McCULLOUGH: Most of my schools that I chose were for law or medical. And today I think I'm going to be looking at Community School for social justice, Bronx Leadership.

Signs were posted outside each classroom with the names of different schools. There was the Celia Cruz school of music; an aerospace academy. Another for careers in sports. The head of the Astor Collegiate Academy laid down the rules for his school.

PRINCIPAL: We're an academically challenging program. What does that mean? Your child will get homework every night. They're going to be expected to be studying every night.

Most of the schools opened a couple of years ago within existing high schools that are low performing. Peter Steinberg, who runs the office of small schools in Region 2 of the Bronx, says they're already successful.
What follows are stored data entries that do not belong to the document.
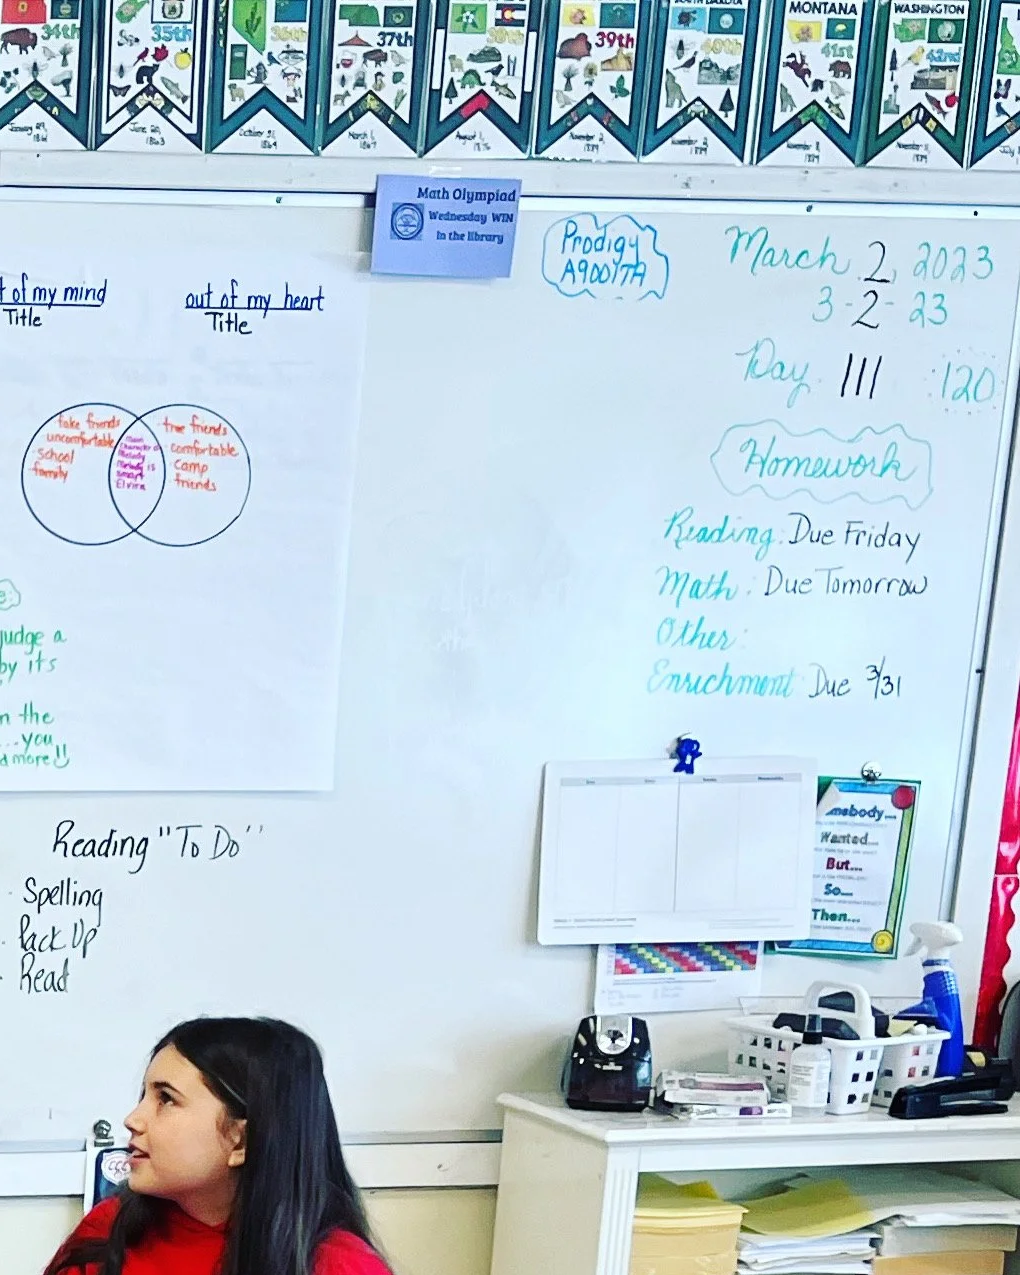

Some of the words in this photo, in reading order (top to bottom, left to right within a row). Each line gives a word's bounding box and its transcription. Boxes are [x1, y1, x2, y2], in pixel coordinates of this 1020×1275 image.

[788, 1, 857, 16] MONTANA
[894, 3, 965, 15] WASHINGTON
[41, 24, 80, 41] 34th
[151, 25, 193, 42] 35th
[377, 31, 414, 48] 37th
[595, 31, 634, 48] 39th
[417, 187, 449, 200] Math
[452, 188, 516, 204] Olympiad
[428, 210, 487, 225] Wednesday
[492, 213, 514, 223] WIN
[449, 231, 465, 241] the
[467, 231, 504, 245] library
[561, 220, 639, 265] Prodigy
[724, 226, 851, 277] March
[913, 241, 994, 281] 2023
[12, 272, 30, 304] of
[33, 286, 57, 309] my
[63, 278, 108, 305] mind
[185, 286, 212, 309] out
[221, 279, 238, 308] of
[247, 292, 272, 319] my
[283, 282, 325, 312] heart
[2, 308, 43, 328] Title
[204, 311, 253, 335] Title
[85, 412, 121, 429] friends
[163, 416, 185, 434] true
[190, 415, 228, 436] friends
[46, 431, 115, 449] uncomfortable
[171, 439, 240, 458] comfortable
[740, 435, 919, 481] Homework
[174, 477, 218, 493] friends
[788, 512, 836, 545] Due
[844, 521, 921, 564] Friday
[765, 565, 813, 596] Due
[815, 566, 929, 597] Tomorrow
[53, 630, 67, 643] a
[28, 650, 57, 674] its
[809, 662, 852, 698] Due
[865, 655, 901, 699] 3/31
[18, 700, 54, 725] the
[52, 820, 148, 874] Reading
[23, 877, 103, 927] Spelling
[18, 914, 67, 952] Pack
[73, 918, 98, 959] Up
[19, 952, 70, 994] Read
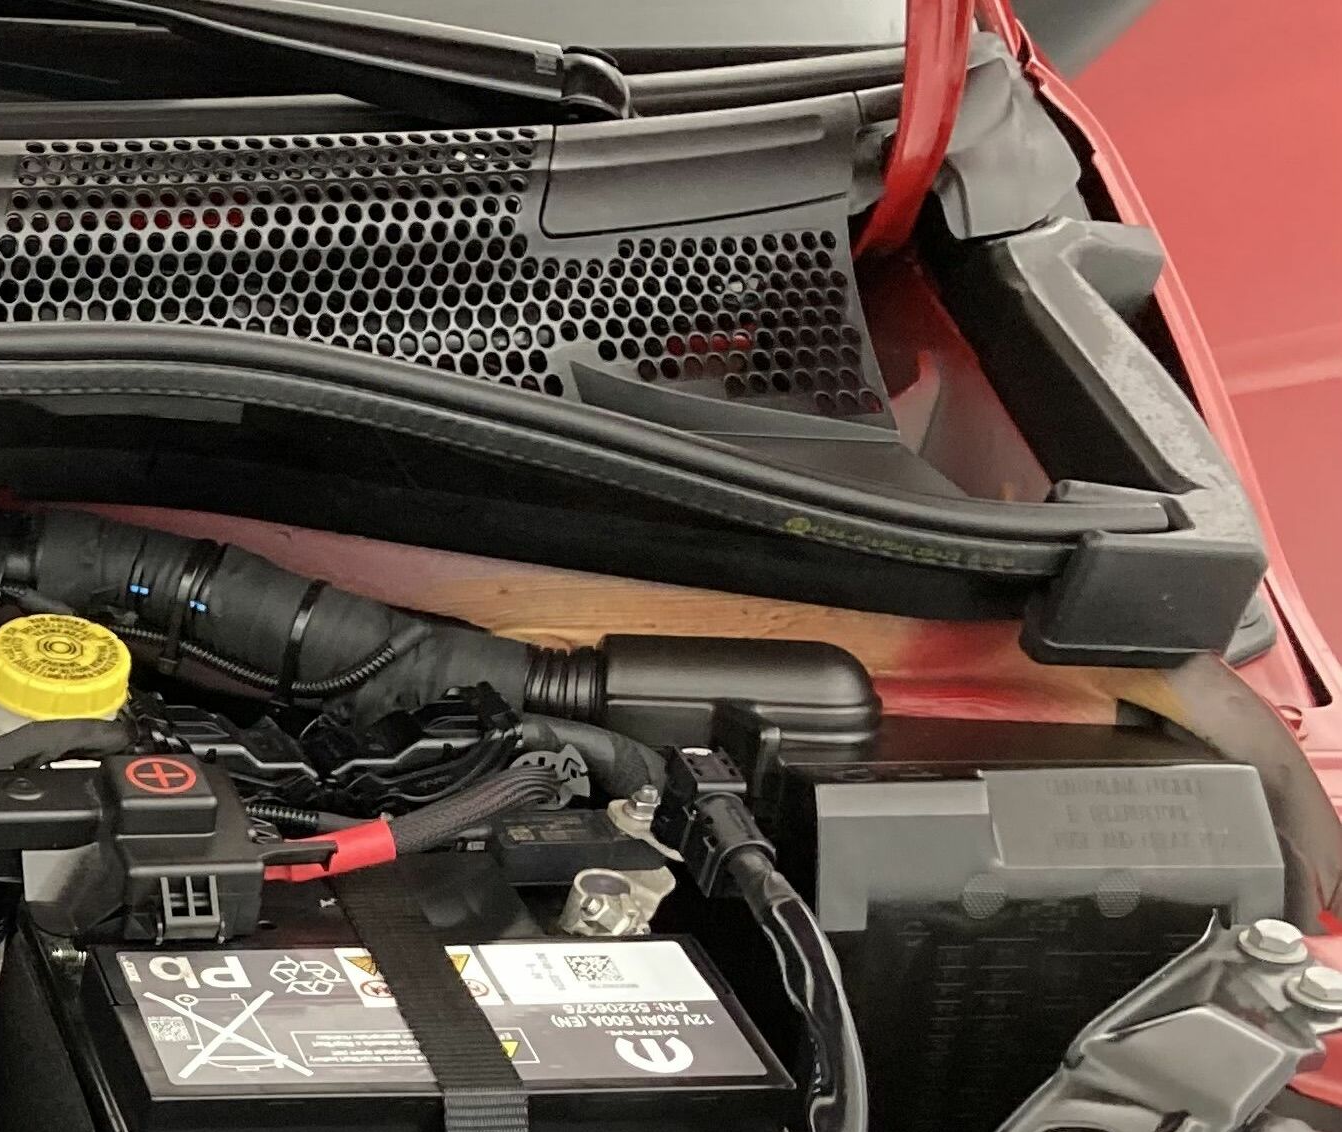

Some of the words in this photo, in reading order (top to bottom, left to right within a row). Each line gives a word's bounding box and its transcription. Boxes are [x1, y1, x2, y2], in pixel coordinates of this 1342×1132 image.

[149, 955, 252, 989] Pb
[655, 1001, 689, 1013] PN:
[550, 1014, 587, 1028] (EN)
[589, 1014, 634, 1027] 500A
[635, 1014, 680, 1027] 50Ah
[683, 1013, 715, 1026] 12V
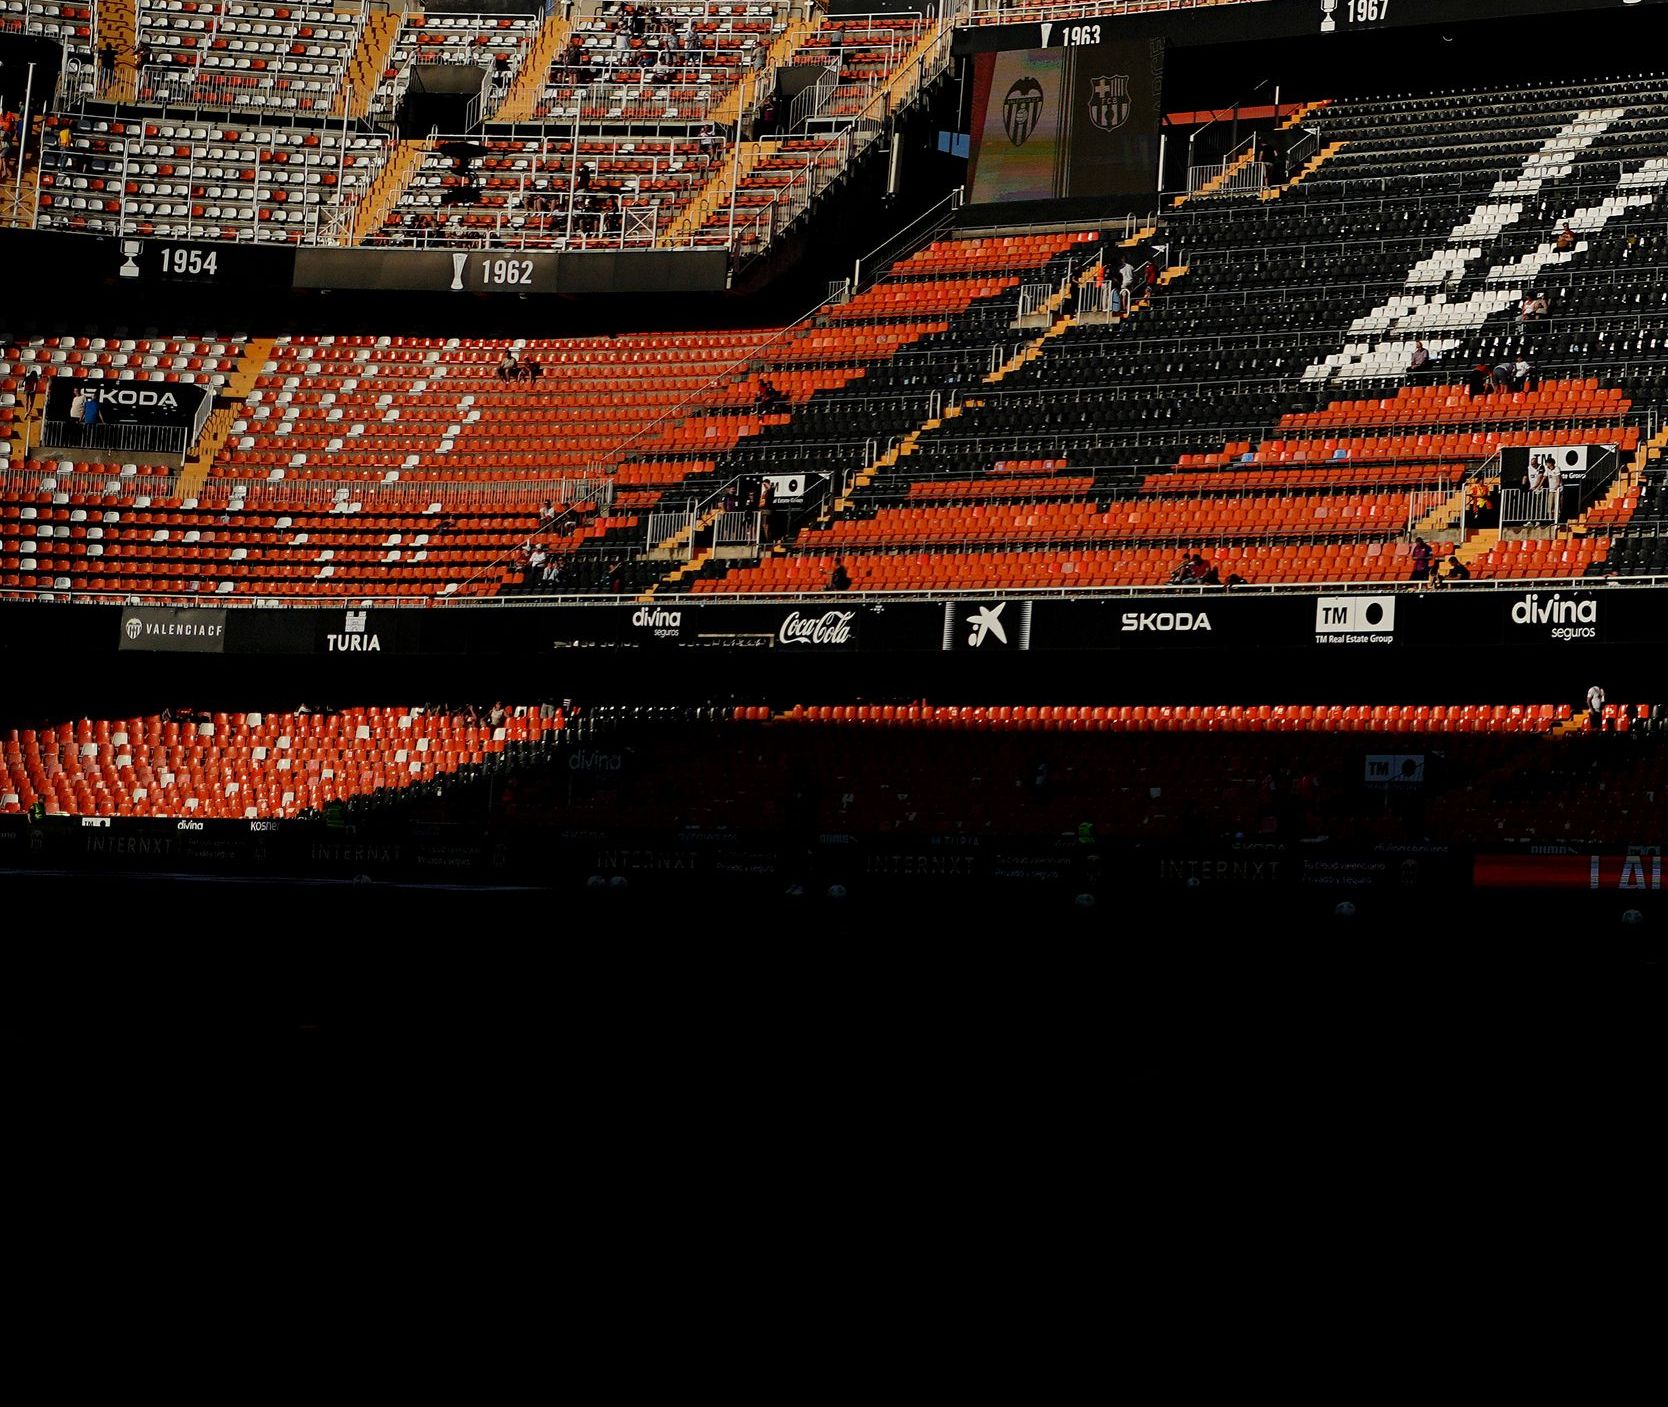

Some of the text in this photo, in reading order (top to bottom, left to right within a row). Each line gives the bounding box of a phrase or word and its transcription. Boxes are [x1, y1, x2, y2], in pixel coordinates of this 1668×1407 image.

STEINBERG: They have a record of more than 90% attendance, almost every student moves from 9th to 10th grade.

Steinberg says the schools are working because of their intimate settings. Most begin with just 80 to 100 ninth graders. Down the hall, a teacher from the Community School for Social Justice explained his school's approach to learning.

TEACHER: It's really hands on. In science class they're actually raising trout. They got trout eggs in the fall and they're raising the trout and they hatched and they're now small fries.

The orientation sessions were quick. Just 10 to 15 minutes. But getting in was tough because of the long lines, which were managed by school security agents.

GUARD: I need 2 lines on this side of the hallway, two lines. I don't need 3 and I don't need 4 I need two lines!

The Department of Education says 9000 people attended the small school fair last Saturday. Officials expect 30 thousand applications for about 4000 seats in a lottery system where students are allowed to pick up to 12 schools and rank them. With those numbers, clearly the vast majority won't get into a small school. But the Chancellor's senior advisor for education policy, Michele Cahill, says the city is working as fast as it can to open about 40 more small middle and high schools around the city.

CAHILL: This is a very aggressive strategy. At the same time we have only a certain amount of money and we have only a certain amount of space.

Already, the small schools are being blamed for contributing to overcrowding in the regular high schools - though the city says that's also because of growing 9th grade enrollment. With tens of millions of dollars from the Gates Foundation and other groups the city is hoping to create more schools while improving the larger schools that are working. It's an experiment parents and students evidently support. For WNYC I'm Beth Fertig.